É possível também, ao longo do desenvolvimento, diz Freud no mesmo artigo, que as partes da libido que seguiram em frente retornem a estágios que já haviam sido ultrapassados anteriormente. Ele chama esse movimento de ‘regressão da pulsão’. O autor explica que o processo de regressão ocorre, principalmente, se o objetivo que levaria à satisfação for intensamente e/ou frequentemente frustrado.

Podemos sustentar a ideia de que fixação e regressão não são fenômenos independentes entre si e que sua compreensão é fundamental para o entendimento das neuroses: quanto mais uma pulsão estiver fixada em determinada etapa do desenvolvimento, mais facilmente ela regredirá diante de obstáculos que dificultem ou impeçam a satisfação do indivíduo.

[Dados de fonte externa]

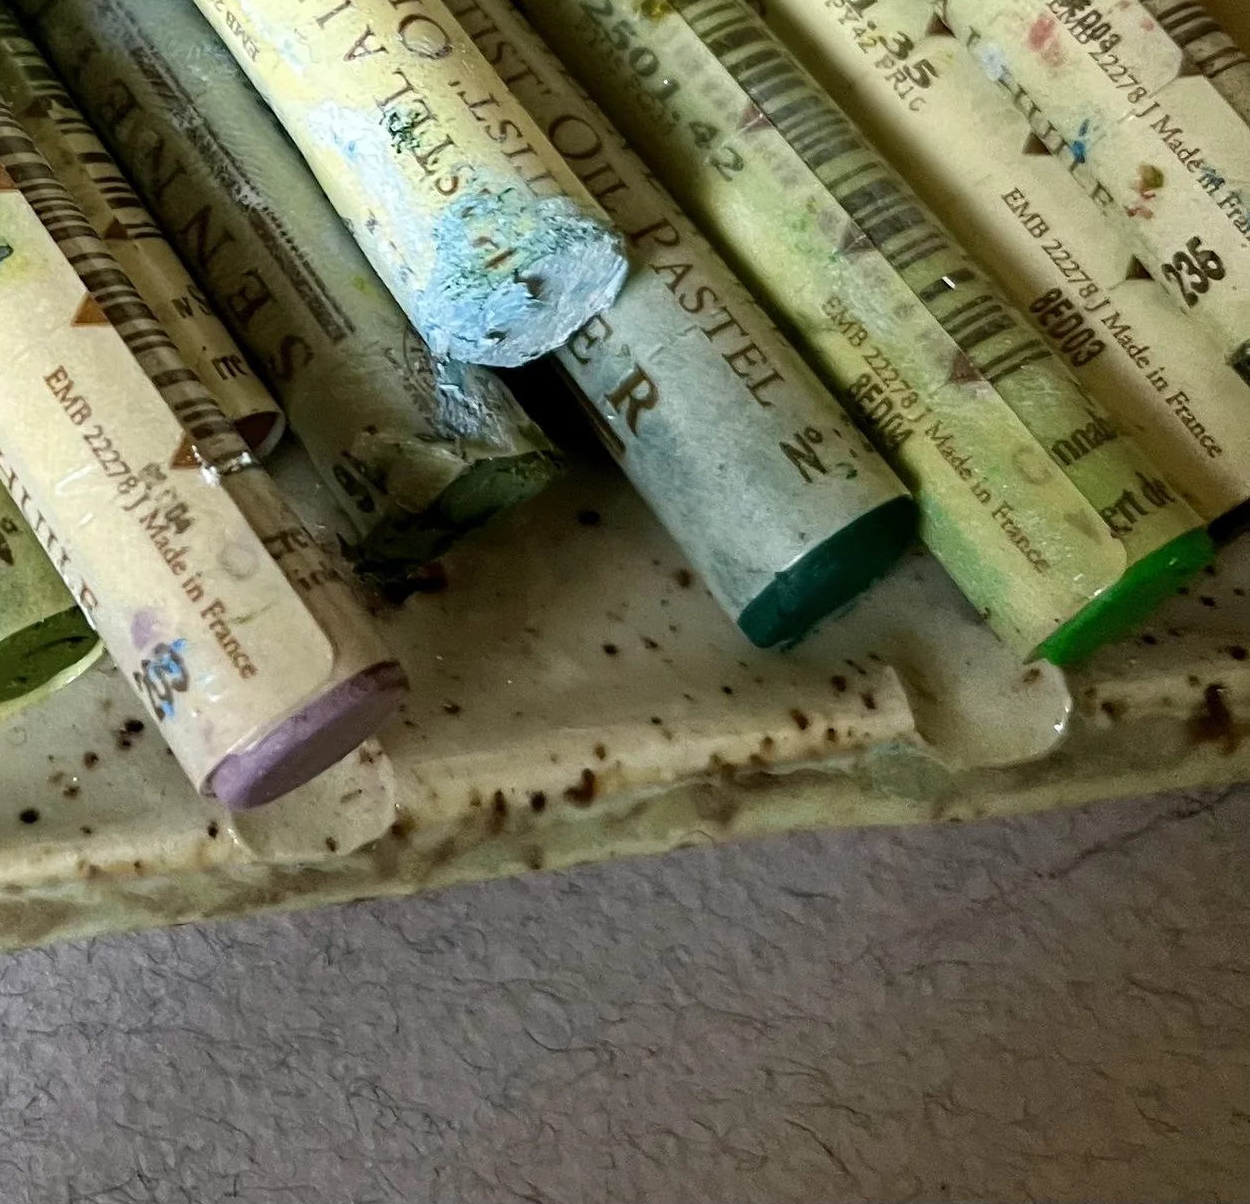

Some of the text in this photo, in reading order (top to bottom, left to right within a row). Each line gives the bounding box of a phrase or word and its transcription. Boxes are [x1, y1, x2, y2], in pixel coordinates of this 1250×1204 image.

A regressão pode ocorrer de dois modos: o indivíduo pode regredir voltando a buscar satisfação mediante os objetos que, em um tempo primevo, foram investidos libidinalmente; ou um retorno completo da pulsão a formas anteriores da organização sexual (objeto, objetivo, fonte). Embora a regressão implique fortes consequências para a vida psíquica, sua maior influência, diz Freud, é orgânica. Das duas formas por meio das quais se mostra a regressão, aquela que se apresenta como retorno a formas anteriores da organização sexual é a mais surpreendente.

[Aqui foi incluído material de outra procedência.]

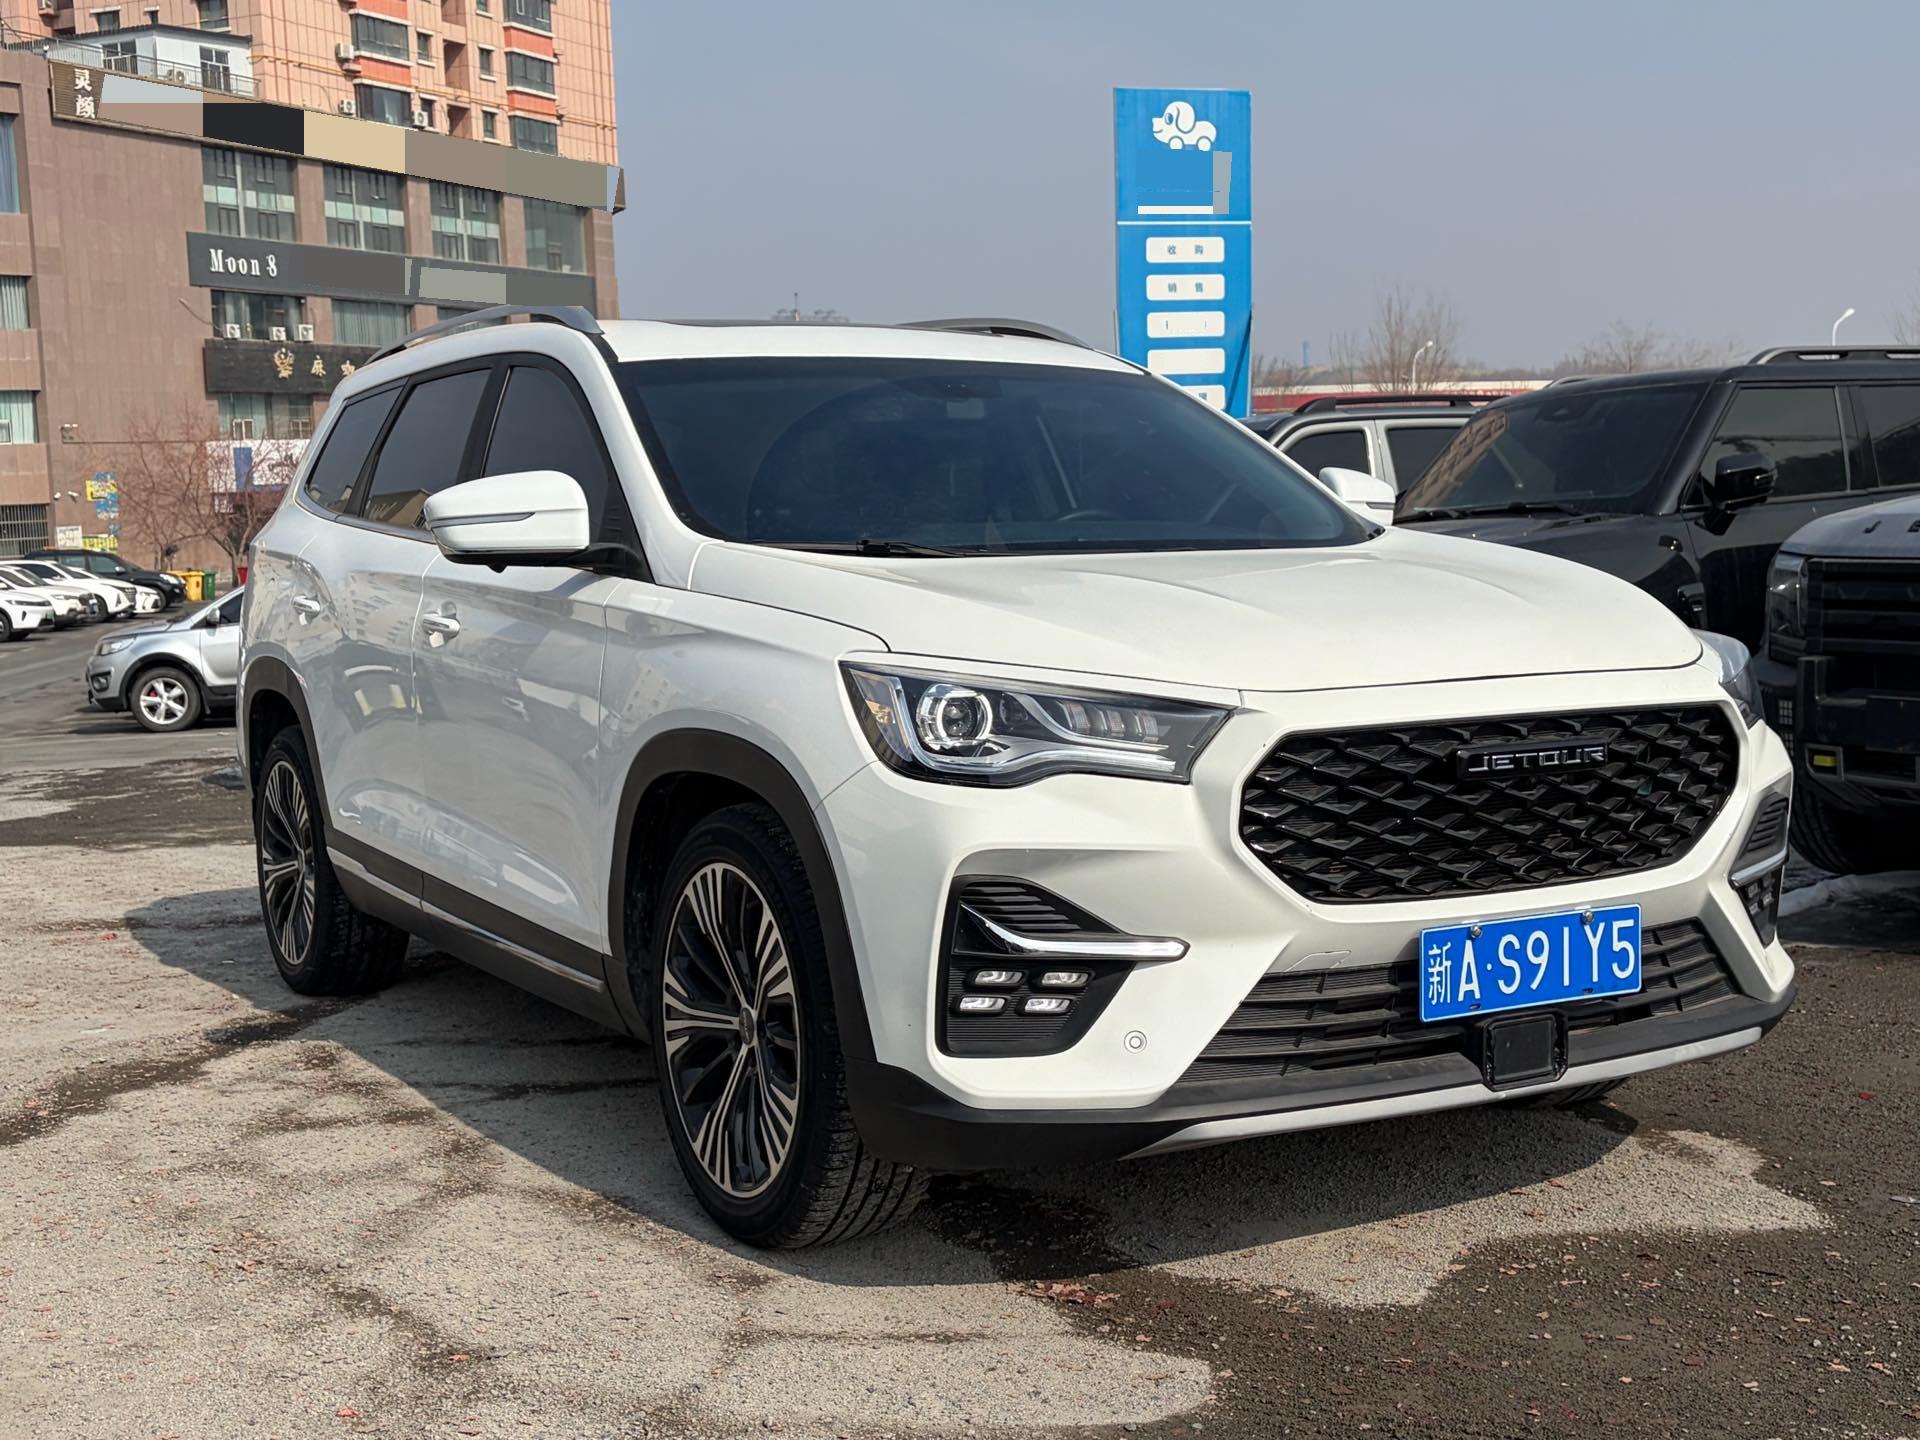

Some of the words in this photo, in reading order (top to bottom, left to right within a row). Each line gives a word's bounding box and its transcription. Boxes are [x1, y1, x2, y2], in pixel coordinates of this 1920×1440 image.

[209, 248, 261, 276] Moon
[266, 254, 278, 277] 8
[1468, 746, 1605, 772] JETOUR
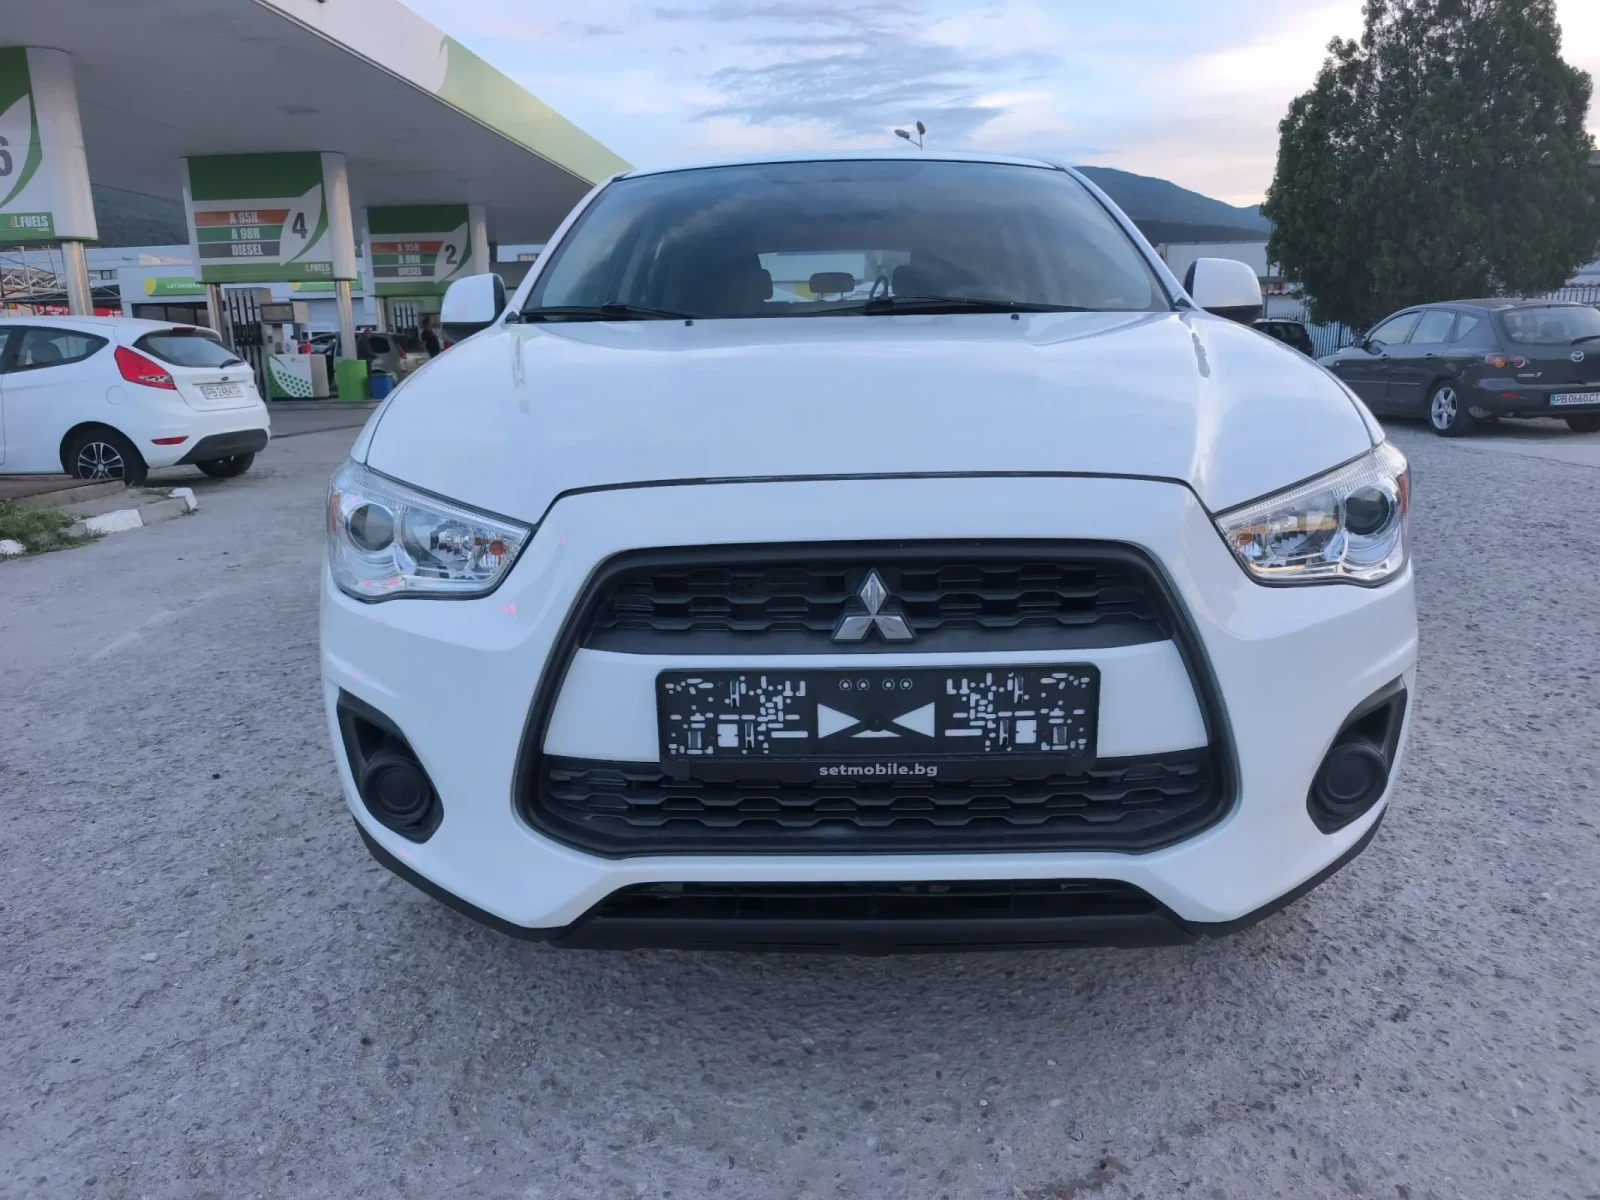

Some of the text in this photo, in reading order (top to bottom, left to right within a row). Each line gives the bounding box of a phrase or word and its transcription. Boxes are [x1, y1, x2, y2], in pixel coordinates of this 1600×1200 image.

[291, 212, 308, 239] 4
[231, 229, 239, 240] A
[231, 243, 264, 256] DIESEL
[444, 244, 458, 265] 2
[398, 266, 422, 276] DIESEL
[819, 763, 938, 777] setmobile.bg

Os dois conceitos anteriormente apresentados são necessários para que possamos compreender a etiologia das neuroses. Salientamos que, quando um indivíduo é impedido de alcançar satisfação para suas necessidades libidinais, ele tende a desenvolver uma neurose. Isso não implica que todos os sujeitos que foram frustrados adoecem de alguma neurose, mas que em toda neurose encontram-se elementos de frustração. Mas de qual frustração estamos falando e, além disso,

frustração de quem? Ou seriamos ingênuos ou rasos o suficiente para acreditar que todas as frustrações ocasionam impacto semelhante em um mesmo indivíduo, ou ainda que uma mesma experiência seja vivenciada de igual modo por duas pessoas?

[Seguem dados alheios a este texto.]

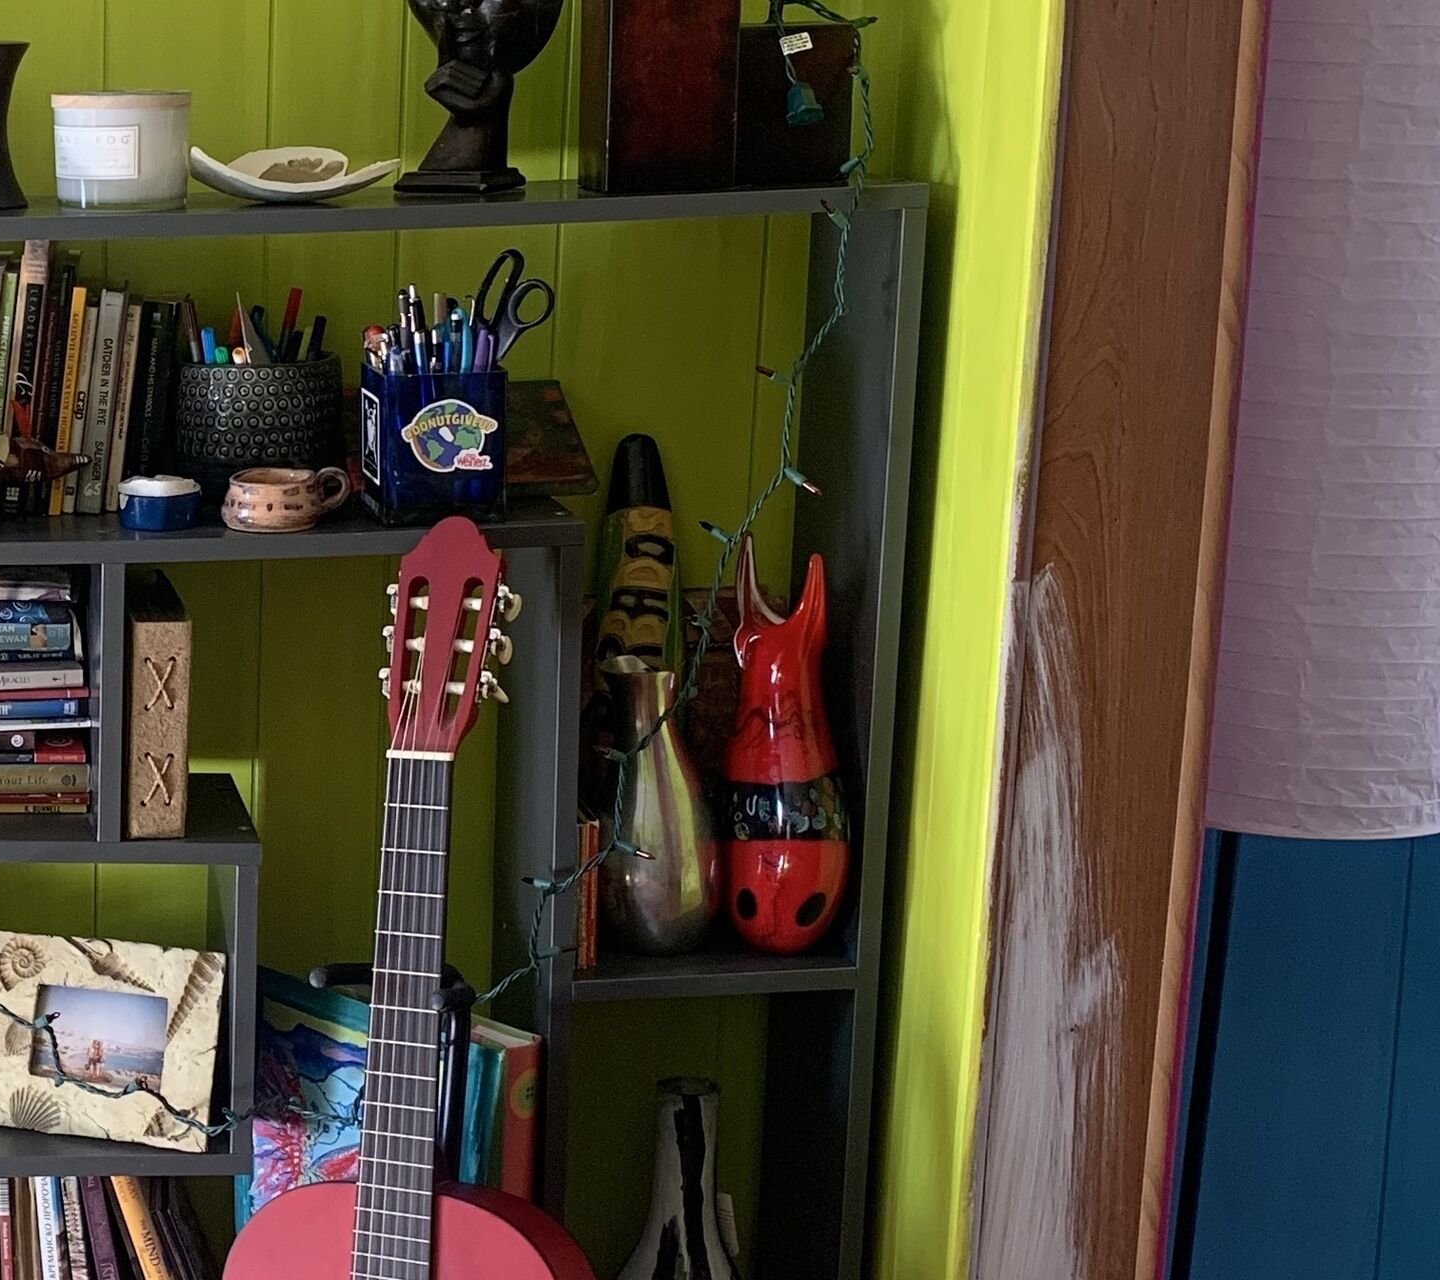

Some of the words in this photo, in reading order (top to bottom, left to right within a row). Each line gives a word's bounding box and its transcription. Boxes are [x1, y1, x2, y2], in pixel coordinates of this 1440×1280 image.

É fato que os seres humanos conseguem tolerar certa quantidade de privação. Porém, também é fato que existe um limite pessoal em relação à elevação da tensão psíquica ocasionada por estímulos externos, assim como um limite superior de tolerância para a libido não satisfeita. Isso compreende que nem toda energia libidinal pode ser remanejada para outros objetos ou objetivos, assim como nem toda libido pode ser sublimada.

Em acréscimo, entendo que o aparelho psíquico de qualquer pessoa apresenta limites no que se refere à utilização de mecanismos de defesa que impeçam a vivência de dor, sem que para isso o contato com a realidade seja significativamente prejudicado. Desta forma, chegamos à premissa de que a fixação da libido diz respeito ao fator interno da causa das neuroses. Já a frustração e a hiperestimulação dizem respeito aos fatores externos de sua etiologia. Logo, é possível afirmar que a etiologia da neurose é tanto exógena quanto endógena.

Freud diz que por mais que um caso pareça exclusivamente motivado ou por fixação da libido ou por sua frustração, ainda sim existem, mesmo que em quantidades muito discrepantes, ambas as influências. O autor assevera que na situação em questão existe uma preponderância na importância dos fatores predisponentes à neurose.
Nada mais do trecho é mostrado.